Thursday, October 3, 2019

windows 7 - Why is there a winsxs folder on D: drive and can I safely remove it?

I recently purchased a refurbished laptop with mSATA boot drive (C:) and a spinner disk (D:), with Windows 7 Ultimate + SP1 pre-installed. I had intended to have the entire system on C:, leaving D: free for me to do whatever I want, including changing the partitioning, reformatting the whole thing, or replacing it.


What I found is that there appear to be some system folders on the D: drive, and Windows won't let me shrink the D: partition beyond about half the size of the disk, stating that there are files that have fixed locations on the disk and cannot be moved.

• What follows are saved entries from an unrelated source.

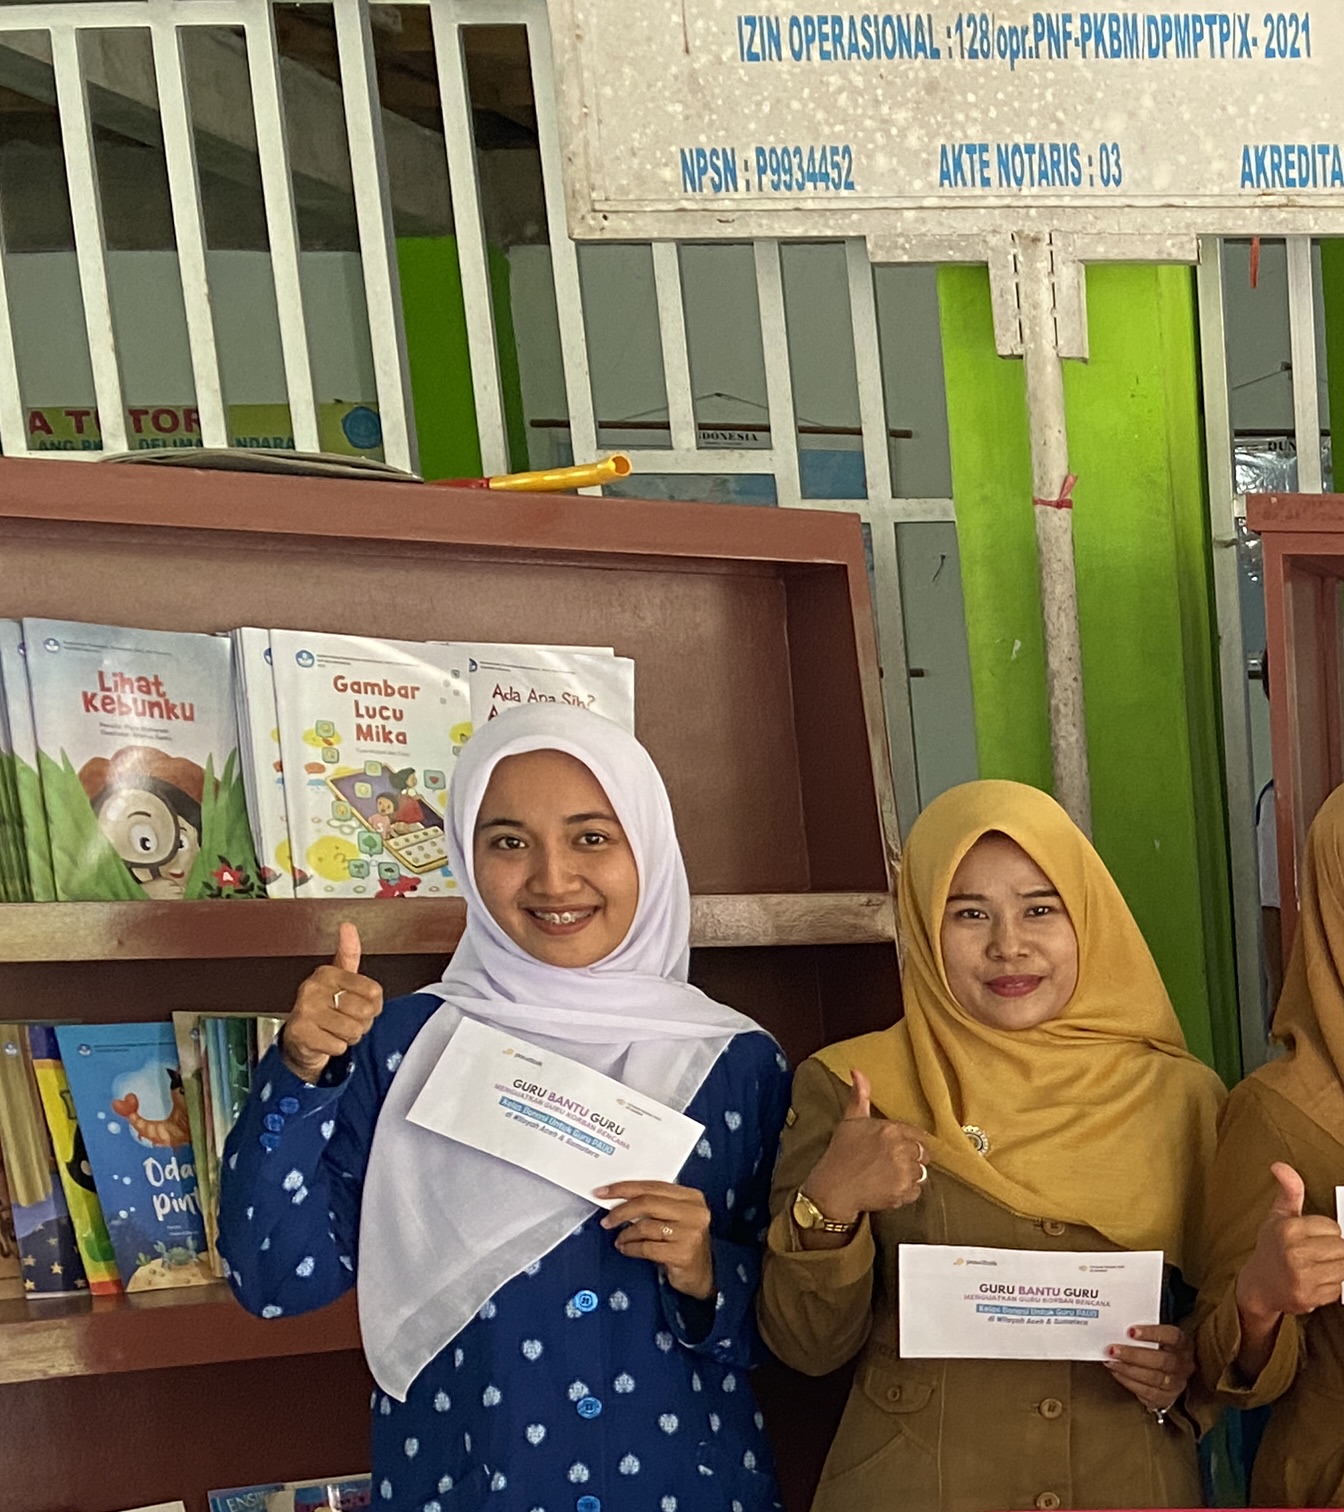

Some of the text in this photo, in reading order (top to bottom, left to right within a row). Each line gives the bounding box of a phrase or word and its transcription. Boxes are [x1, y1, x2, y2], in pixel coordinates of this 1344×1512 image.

[737, 15, 782, 62] IZIN
[789, 13, 940, 62] OPERASIONAL
[1264, 12, 1311, 58] 2021
[680, 147, 738, 193] NPSN
[756, 144, 855, 191] P9934452
[939, 143, 991, 187] AKTE
[999, 143, 1081, 187] NOTARIS
[1100, 142, 1122, 188] 03
[698, 431, 758, 442] DONESIA
[98, 670, 166, 698] Lihat
[333, 675, 420, 699] Gambar
[492, 683, 521, 702] Ada
[82, 691, 195, 722] Kebunku
[354, 699, 404, 721] Lucu
[356, 723, 407, 744] Mika
[512, 1078, 548, 1098] GURU
[547, 1092, 589, 1118] BANTU
[590, 1112, 626, 1137] GURU
[142, 1156, 196, 1188] Oda
[152, 1189, 201, 1221] pint
[979, 1283, 1099, 1299] GURU BANTU GURU
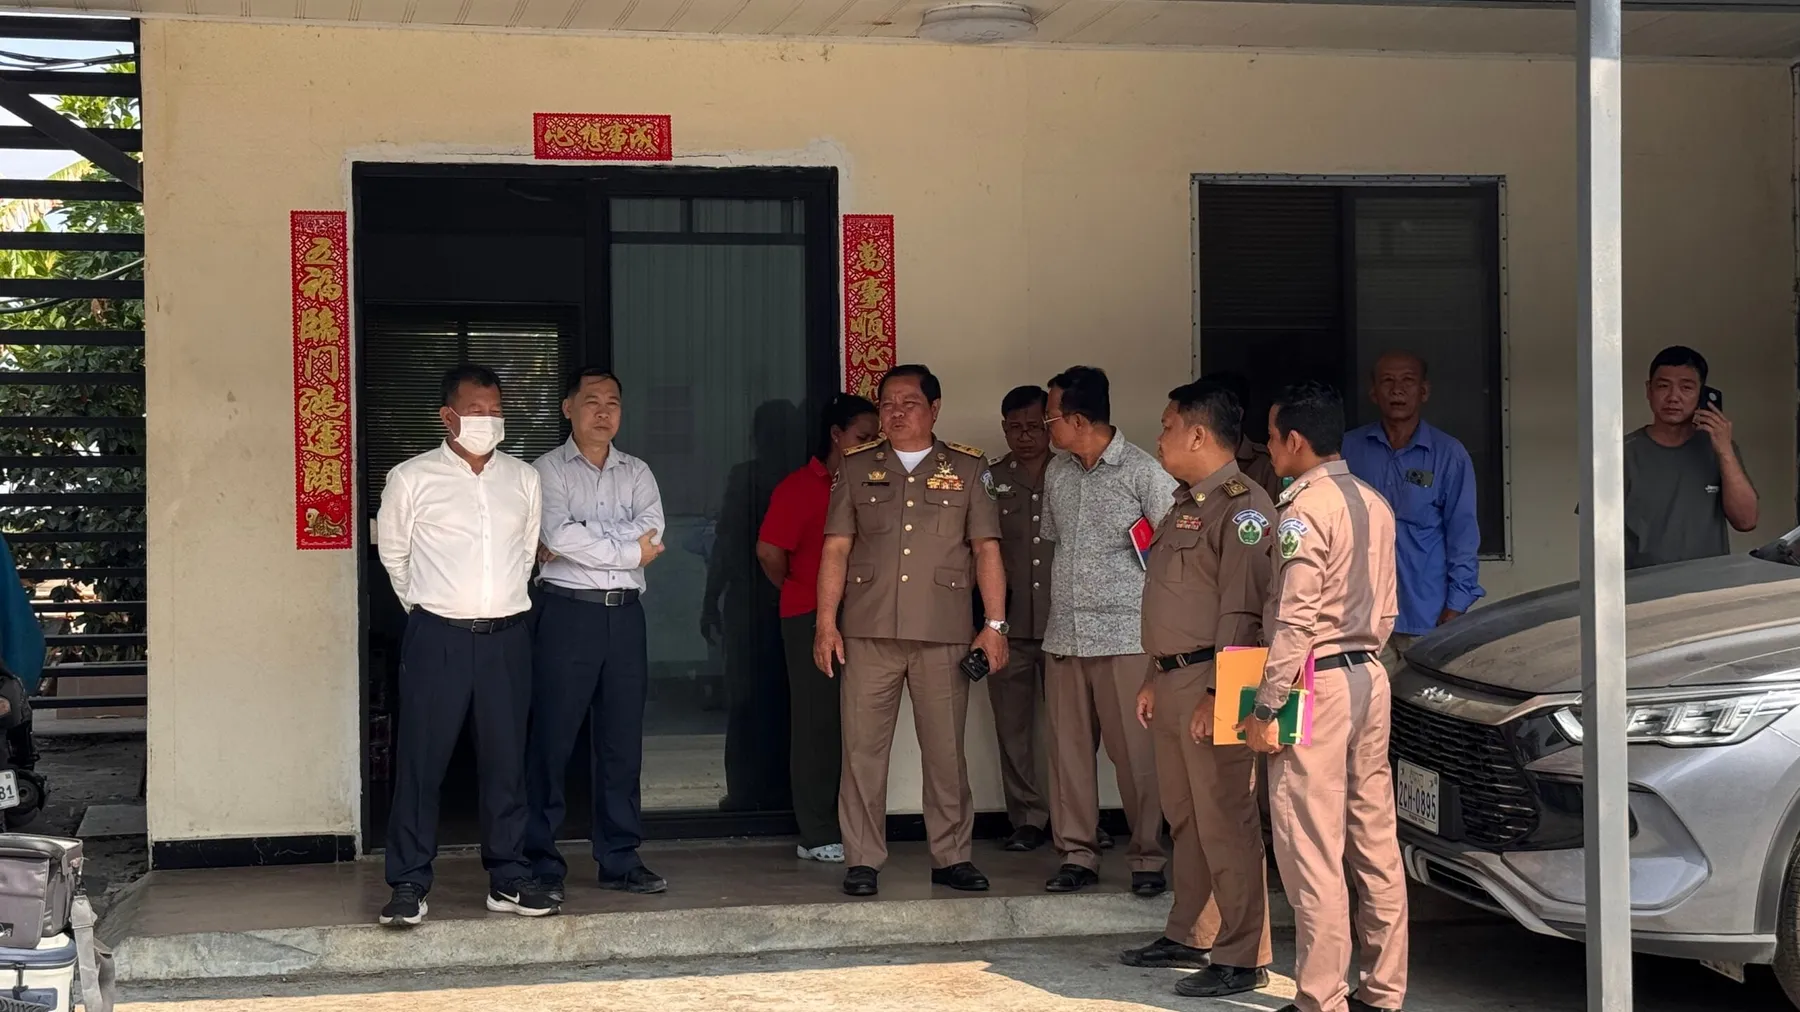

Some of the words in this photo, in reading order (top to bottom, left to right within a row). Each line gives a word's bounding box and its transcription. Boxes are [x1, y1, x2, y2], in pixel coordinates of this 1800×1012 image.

[544, 122, 660, 154] 心想事成
[1399, 780, 1436, 820] 2CH-0895
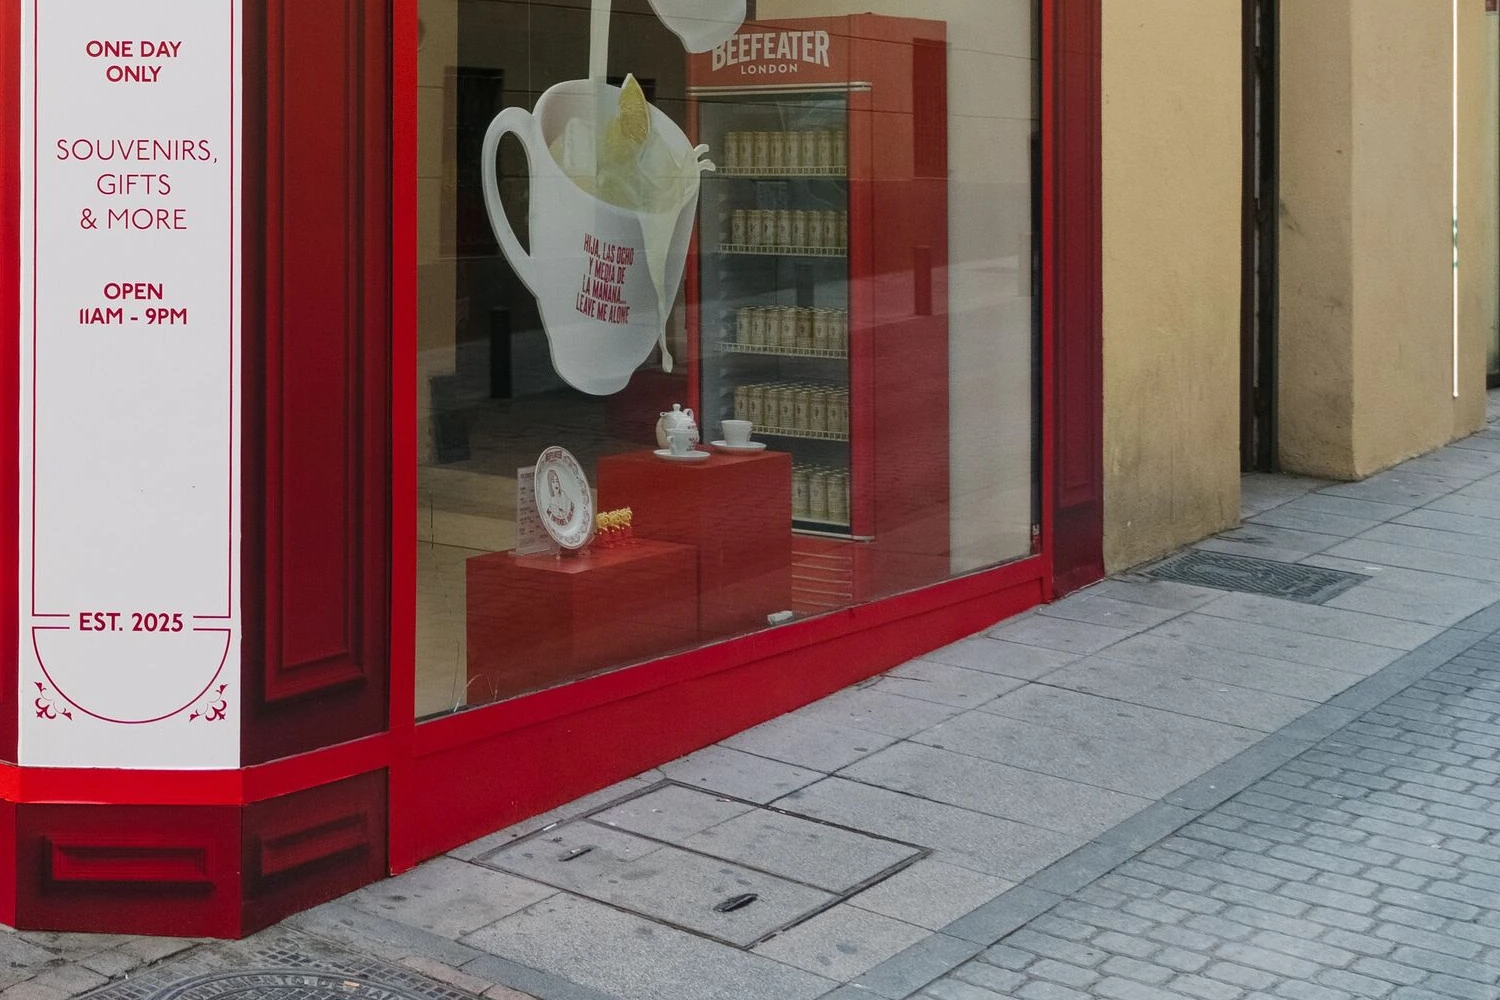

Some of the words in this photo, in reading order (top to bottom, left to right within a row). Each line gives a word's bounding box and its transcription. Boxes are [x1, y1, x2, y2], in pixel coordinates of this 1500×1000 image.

[85, 40, 133, 58] ONE
[140, 40, 182, 58] DAY
[711, 30, 830, 72] BEEFEATER
[105, 65, 162, 83] ONLY
[741, 63, 798, 75] LONDON
[56, 138, 218, 164] SOUVENIRS,
[96, 173, 172, 196] GIFTS
[79, 207, 98, 230] &
[107, 208, 188, 230] MORE
[602, 242, 616, 263] LAS
[616, 246, 635, 266] OCHO
[588, 256, 594, 275] Y
[595, 259, 616, 283] MEDIA
[617, 266, 626, 285] DE
[103, 282, 163, 301] OPEN
[582, 273, 591, 296] LA
[78, 307, 123, 325] 11AM
[145, 307, 188, 325] 9PM
[575, 292, 596, 318] LEAVE
[596, 301, 608, 322] ME
[608, 305, 631, 325] ALONE
[79, 612, 123, 632] EST.
[131, 612, 184, 633] 2025
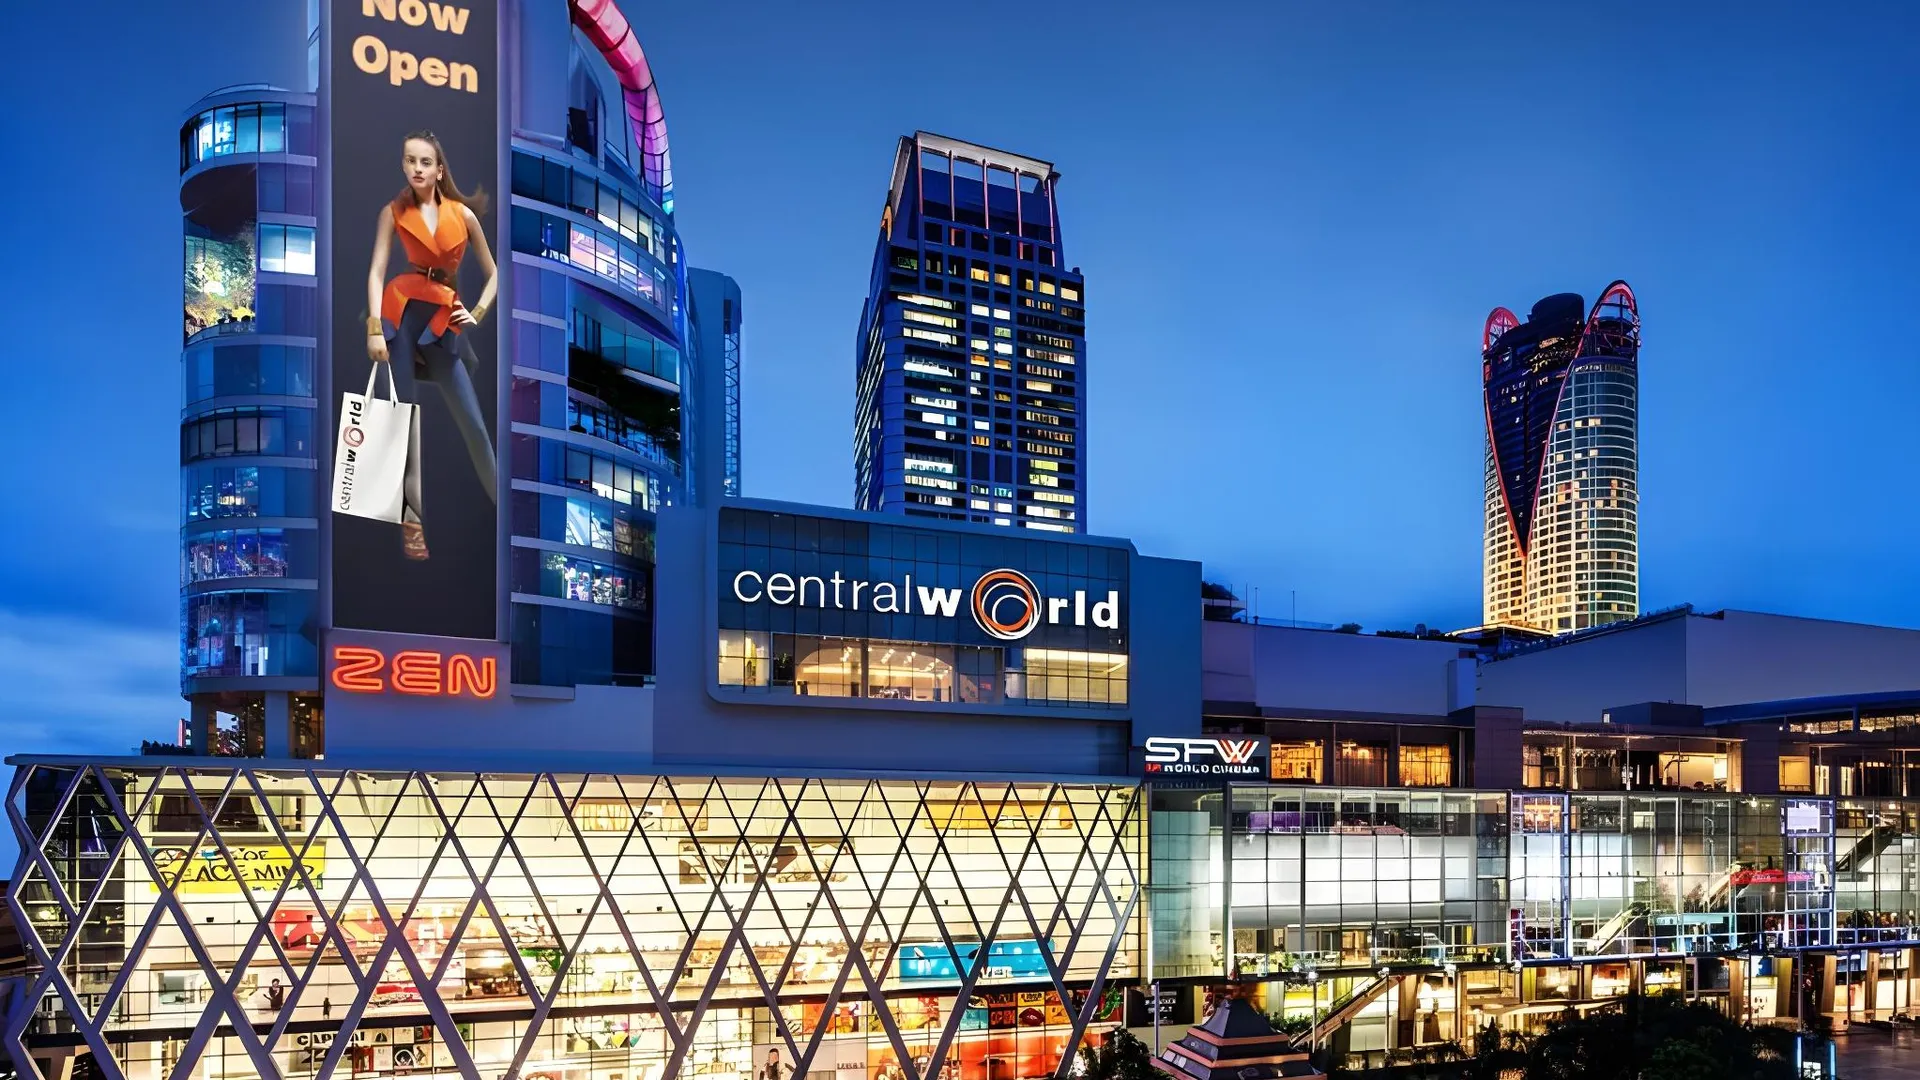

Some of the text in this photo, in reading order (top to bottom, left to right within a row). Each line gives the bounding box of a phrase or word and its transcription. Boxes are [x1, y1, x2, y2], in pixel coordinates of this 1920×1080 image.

[362, 0, 470, 35] Now
[352, 35, 478, 93] Open
[332, 646, 496, 697] ZEN

In particular, there are winsxs folders on both C: and D:, with some subfolders/files on C:, some on D:, some the same on both, some on both but different. If I try to compare a sampling of files with BeyondCompare, I find that it is able to open all of the files that I tried that are on C:, and none of the ones I tried that are on D:. There are many, many files in both locations.


The vendor says these files are from installing Windows updates, and that I can just delete them and reformat the disk if I like. I'd like to confirm if that is a safe thing to do, or if I'm going to have problems with System Restore or later Windows updates or something annoying like that.


I've also been researching moving that folder, but most sites, even the ones that give instructions for doing so using junctions, really recommend against it.


I'm considering just creating a System Restore disk and System Image Backup and wiping everything out and starting over from that.